**Information provided**

-------------------------

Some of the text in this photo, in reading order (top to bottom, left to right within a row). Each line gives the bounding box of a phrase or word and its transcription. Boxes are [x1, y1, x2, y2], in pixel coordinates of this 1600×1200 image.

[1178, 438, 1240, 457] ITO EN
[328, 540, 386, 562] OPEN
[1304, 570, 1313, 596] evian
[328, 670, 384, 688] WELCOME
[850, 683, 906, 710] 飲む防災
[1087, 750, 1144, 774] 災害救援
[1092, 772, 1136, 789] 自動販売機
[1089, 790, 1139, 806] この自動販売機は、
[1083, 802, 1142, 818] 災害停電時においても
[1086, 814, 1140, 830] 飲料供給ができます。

-------------------------

The full listing above should be repeated without omission.

**Response**
Some of the text in this photo, in reading order (top to bottom, left to right within a row). Each line gives the bounding box of a phrase or word and its transcription. Boxes are [x1, y1, x2, y2], in pixel coordinates of this 1600×1200 image.

[1178, 438, 1240, 457] ITO EN
[328, 540, 386, 562] OPEN
[1304, 570, 1313, 596] evian
[328, 670, 384, 688] WELCOME
[850, 683, 906, 710] 飲む防災
[1087, 750, 1144, 774] 災害救援
[1092, 772, 1136, 789] 自動販売機
[1089, 790, 1139, 806] この自動販売機は、
[1083, 802, 1142, 818] 災害停電時においても
[1086, 814, 1140, 830] 飲料供給ができます。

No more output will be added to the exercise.